For years researchers at the Department of Energy’s (DOE’s) Pacific Northwest National Laboratory (PNNL) have been developing tools to accelerate the materials discovery and development of new energy storage technologies, including those that can predict the performance of the batteries systems for long-term grid services. 

With a new physics-based simulation tool, EZBattery Model, it now takes less than a second to predict the performance of redox flow batteries and its variants.  

The ability to accurately and quickly predict how redox flow batteries will behave based on laboratory-scale experiments has far ranging implications in the field of energy storage. Experimenting on new batteries has traditionally been a time-consuming process, requiring long-term testing over many charge-discharge cycles to better understand a battery’s lifespan and a great deal of trial and error to find optimal combination of materials.

With this challenge in mind, PNNL researchers sought out to build a tool to help researchers more easily optimize battery designs and electrolyte chemistries without the need for extensive physical prototyping or weeks of experimentation.

“This new model is like a superpower for energy storage researchers aiming to accelerate the development of energy storage technologies,” said Jie Bao, research engineer at PNNL and lead on the project. “To get the best performing long duration energy storage system that will power our homes and the grid, we need to be able iterate quickly and efficiently.”

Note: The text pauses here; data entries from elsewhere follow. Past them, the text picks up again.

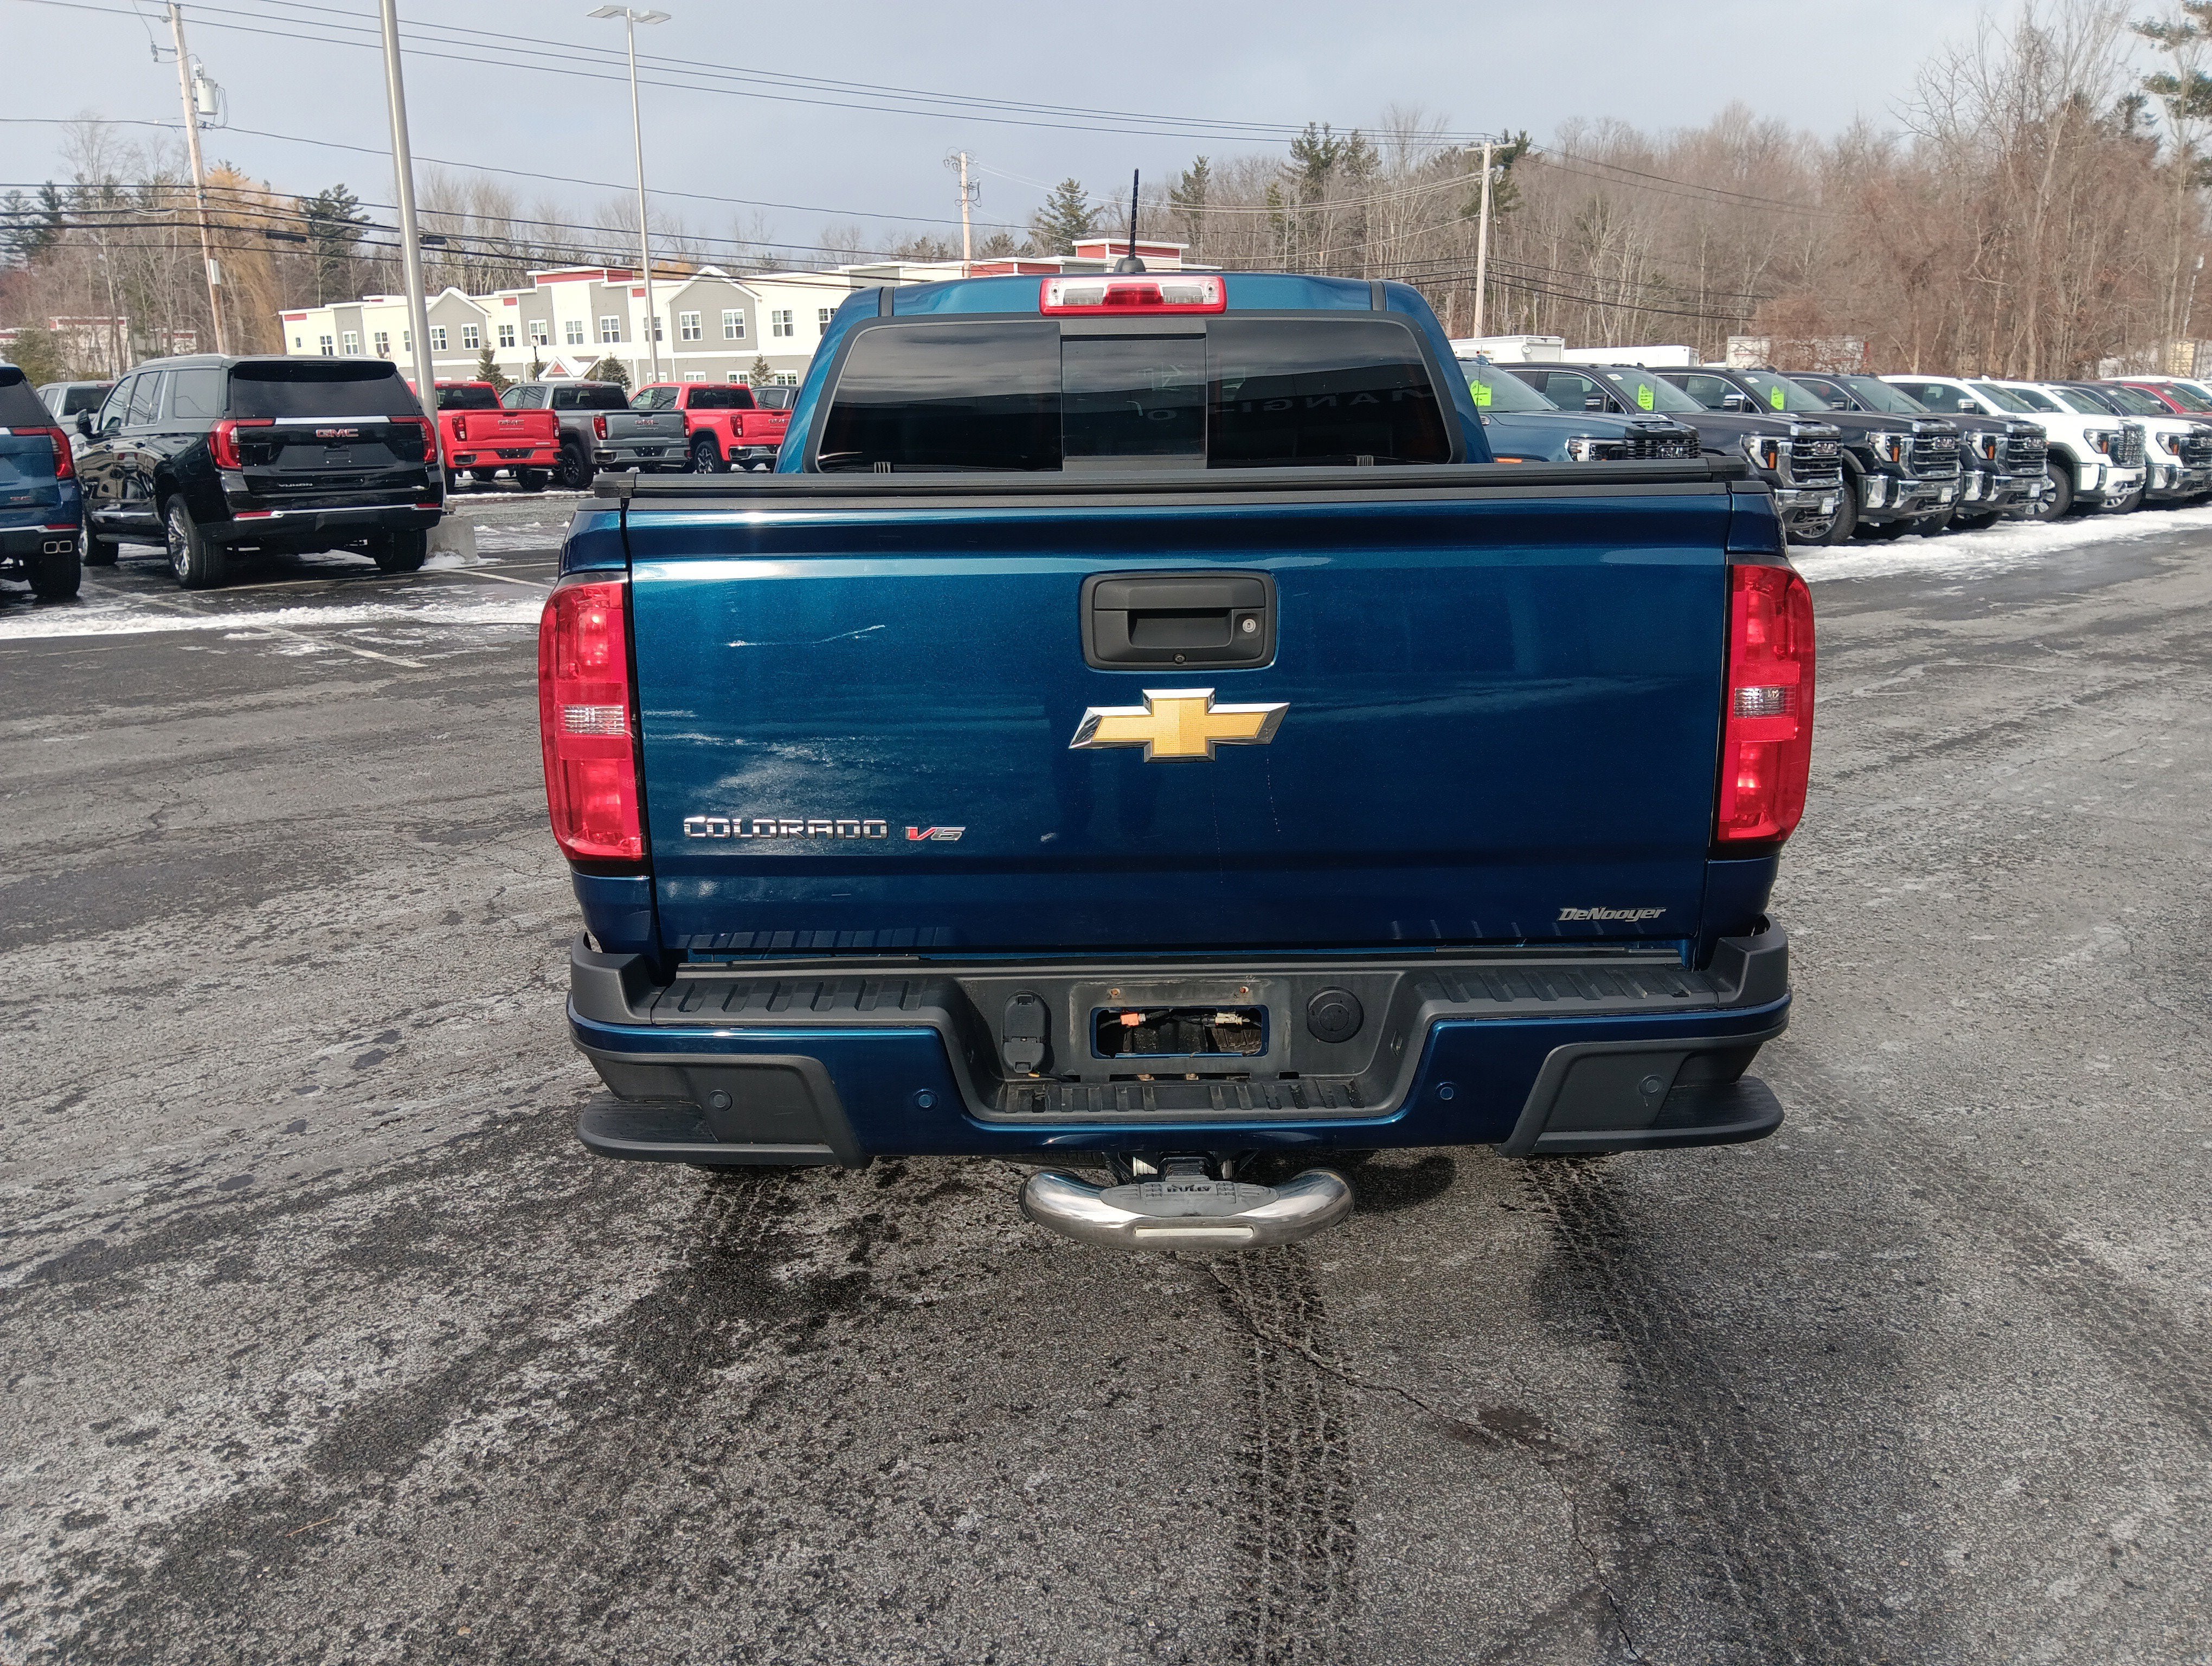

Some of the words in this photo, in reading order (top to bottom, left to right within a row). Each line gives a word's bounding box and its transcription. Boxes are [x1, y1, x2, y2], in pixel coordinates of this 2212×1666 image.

[316, 429, 359, 437] GMC
[684, 816, 889, 840] COLORADO
[905, 825, 966, 841] V6
[1558, 907, 1667, 922] DeNooyer
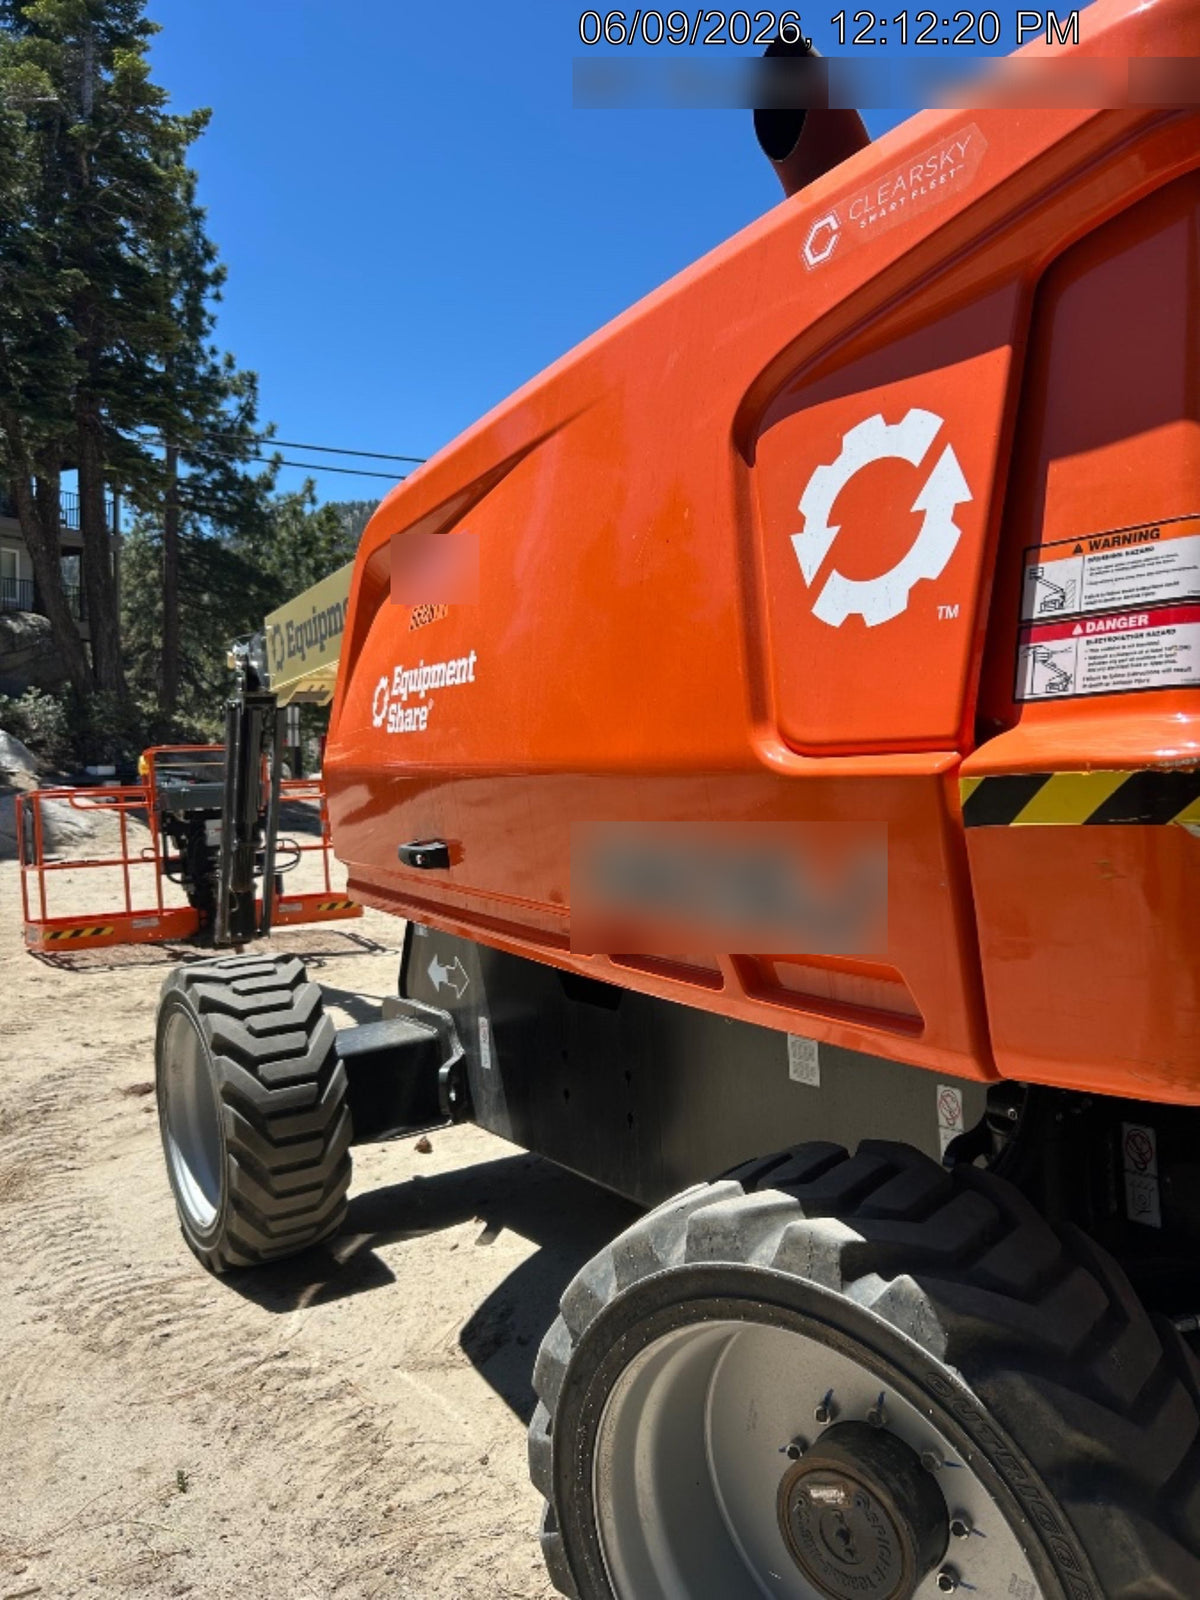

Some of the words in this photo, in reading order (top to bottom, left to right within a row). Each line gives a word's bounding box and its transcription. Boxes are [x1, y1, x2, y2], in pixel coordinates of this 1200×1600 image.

EZBattery Model is publicly available on GitHub and is accompanied by detailed Jupyter Notebook tutorials for users. The model itself is packaged in an easy-to-use software featuring standard input and output formats, automated model calibration and validation, and flexible control on the start and stop operating time and state of charge.

The model handles the three main architectures of flow batteries, including fully liquid inorganic or organic electrolyte flow systems, hybrid systems (which entail some solid deposition and desorption during the battery's operation), and redox-targeting/redox-shuttling flow batteries that utilizes the reaction between solid particles and redox-mediators in the tank to enhance the energy storage density.

What makes the EZBattery Model particularly powerful is its integrated analytical solutions to chemical species convection, diffusion, and reaction equation in micro-channels, simulating both individual battery cells and large-scale systems for long duration energy storage, and handling both constant current and varying power operations.

This flexibility helps in tailoring simulations to specific real-world battery designs.

Traditionally, the multi-physics numerical models require a few hours or even days to complete a simulation for large cells or stacks. The EZBattery Model can do it in less than one second, while maintaining results that are comparable to those from computationally expensive models, such as COMSOL.

Because EZBattery Model relies on physics and not a machine learning model, it doesn’t require any training datasets to work. Additionally, it can actually generate its own data to train other machine learning models, which Bao says can help address the challenge of data scarcity, providing abundant and diverse data samples that cover a wide range of operating conditions and scenarios. Although machine learning models can run simulations much faster after they are trained, they cannot provide physics-based explanations of the results.

“The physics-based approach lends itself to easily integrate and capture intricate details of battery behavior, like solid deposition during the charging process,” said Bao. “For instance, when zinc ions become zinc solid metal, the model can accurately capture this transformation and estimate corresponding battery performance—something a machine learning model cannot do due to lack of associated training data.”

Work on EZBattery Model was born out of PNNL’s Energy Storage Materials Initiative and has since expanded with support from the Department of Energy’s Rapid Operational Validation Initiative.

The EZ Battery Model team includes Jie Bao, Yunxiang Chen, Zhijie Xu, Yucheng Fu, Peiyuan Gao, Chao Zeng, Amanda Howard, Ayoub El Bendali, Tiffany Louie, Grace Yuan, Alvin Liu, Qixuan Jiang, Panos Stinis, Wei Wang, and Vincent Sprenkle.